Combinatorics in a $n \times n$ grid

Question

Natural number $n>2018$ is given. Numbers $1,2,\ldots,n^2$ are written (in an arbitrary order) into the fields of the $n\times n$ grid. Prove that it is possible to choose $n$ fields so that there's one field in each row and column and that there aren't any four consecutive terms of an arithmetic sequence in the chosen fields.

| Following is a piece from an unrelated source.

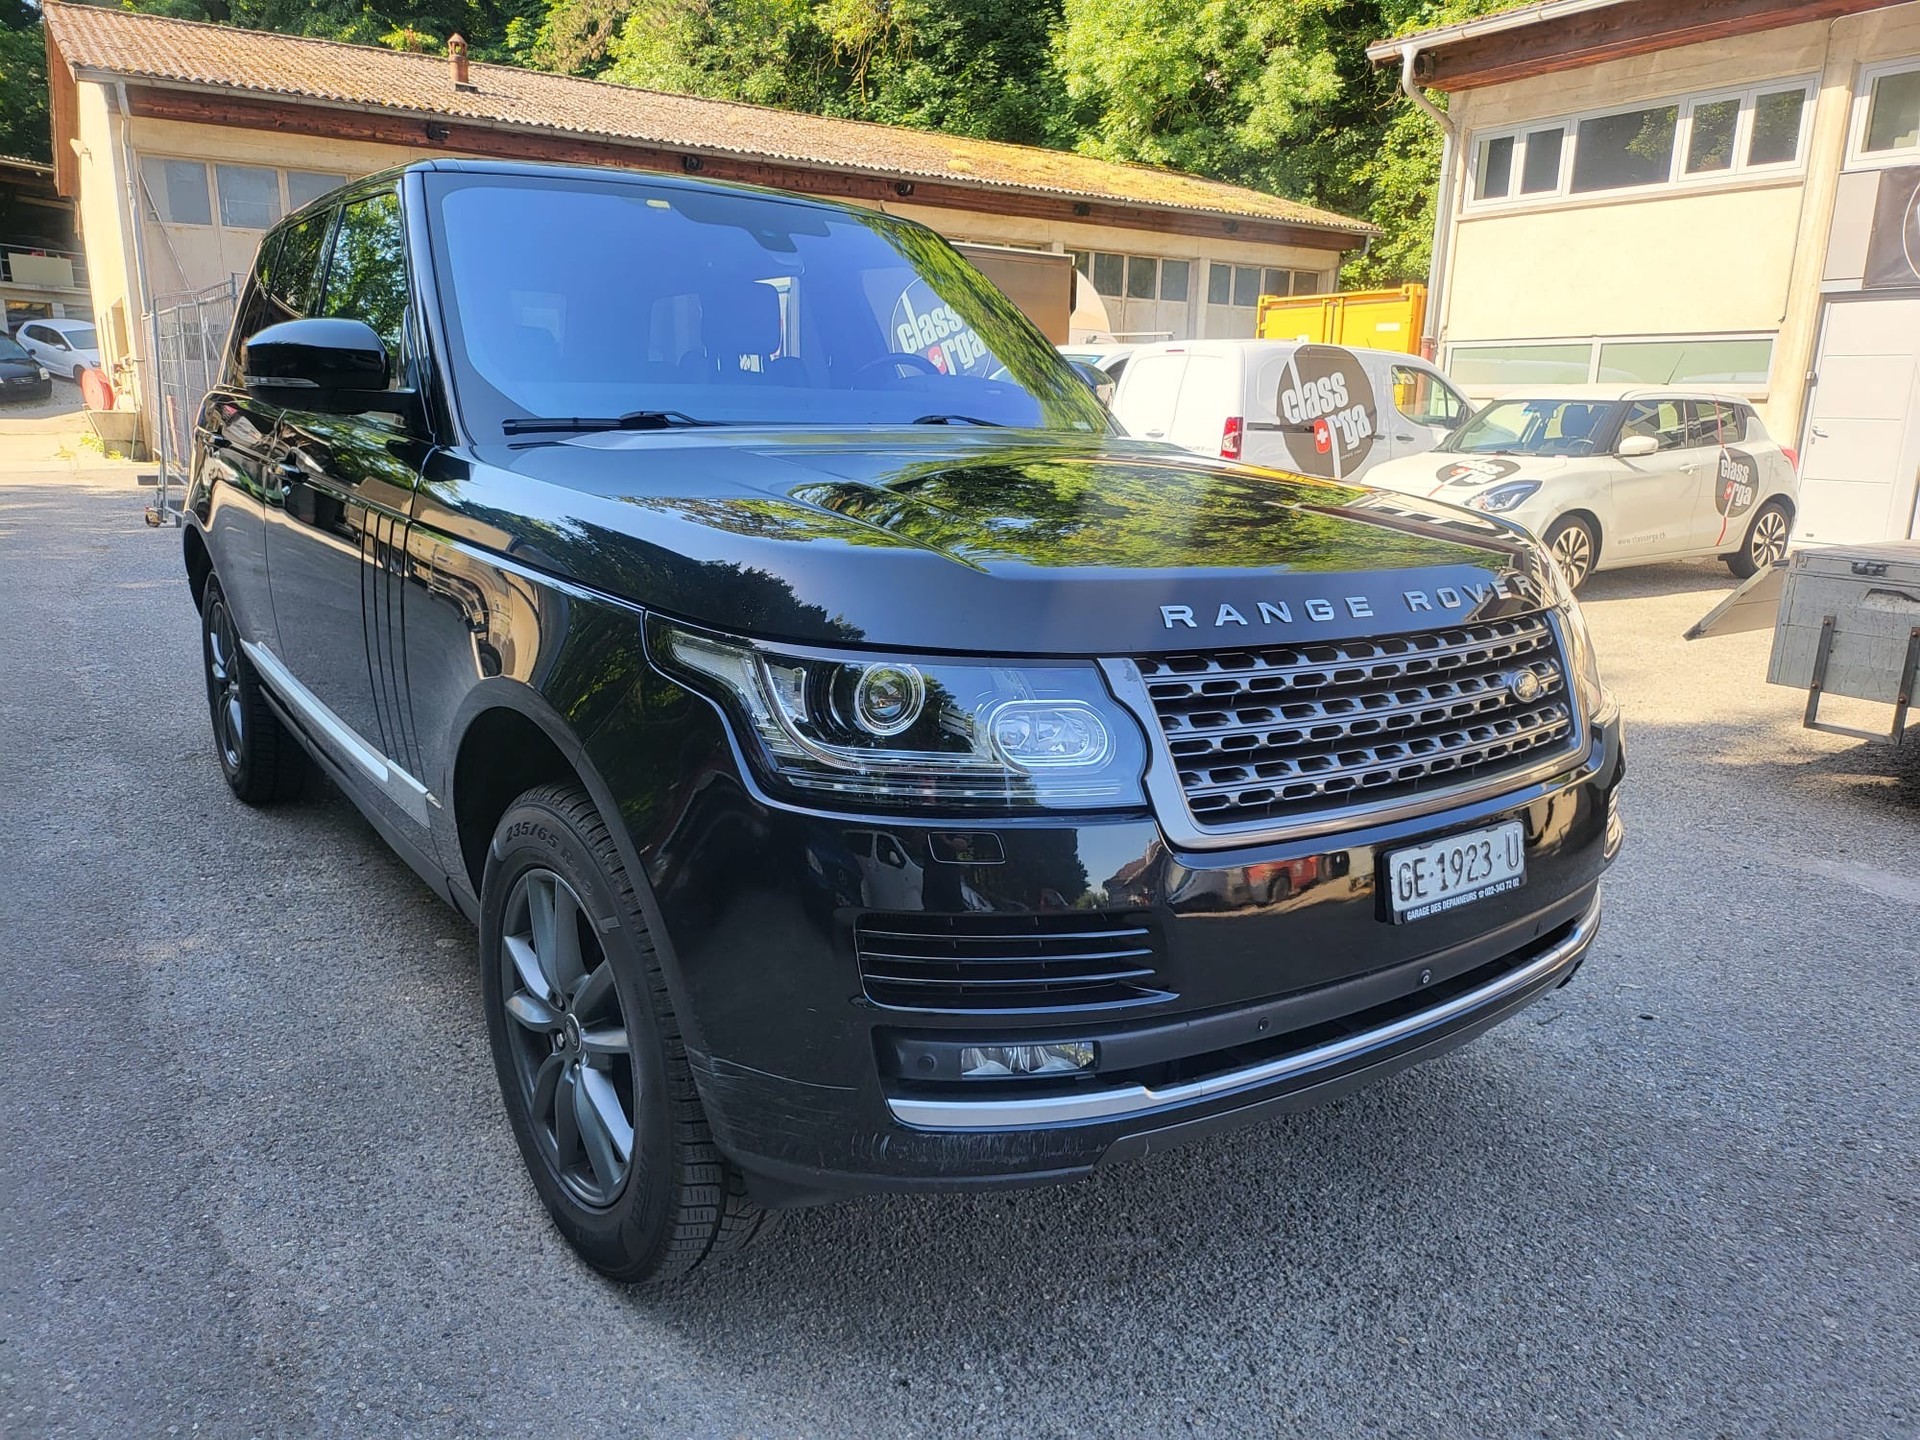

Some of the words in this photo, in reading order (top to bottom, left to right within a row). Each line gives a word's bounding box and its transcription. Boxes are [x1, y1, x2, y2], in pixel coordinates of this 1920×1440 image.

I have no idea how to start this. My attempts to find any correlations between the amount of four term sequences and the amount of fields chosen were all unsuccessful and I'm stuck.

Answer 1

I think that the problem boils down to proving that the number of choices of n fields containing four consecutive terms of an arithmetic sequence is smaller than n!

Answer 2

Sketch (probabilistic method): Let $S$ be the set of arithmetic sequences of length 4 among the numbers $1,2,\cdots, n^2$. Clearly, for large $n$, $|S| \sim \frac{n^2}{3} \cdot \frac{n^2}{2} = \frac16 n^4$, since there are approximately $\frac{n^2}{3}$ choices for the common difference and on average $\frac{n^2}{2}$ choices for the linear shift. Now choose the $n$ fields uniformly at random (over the total space of $n!$). For a fixed $s \in S$, the chosen $n$ fields contain the 4 terms of $s$ with probability at most $\frac{1}{n(n-1)(n-2)(n-3)} \sim n^{-4}$. A simple union-bound gives us a probability of at least $$1 - \sum_{s \in S}\frac{1}{n(n-1)(n-2)(n-3)} \sim 1 - \sum_{s \in S} n^{-4} \sim 1 - (\frac{1}{6}n^4)(n^{-4}) = \frac{5}{6} > 0$$ that the chosen $n$ fields avoid all elements of $S$, i.e. all the arithmetic sequences of length 4.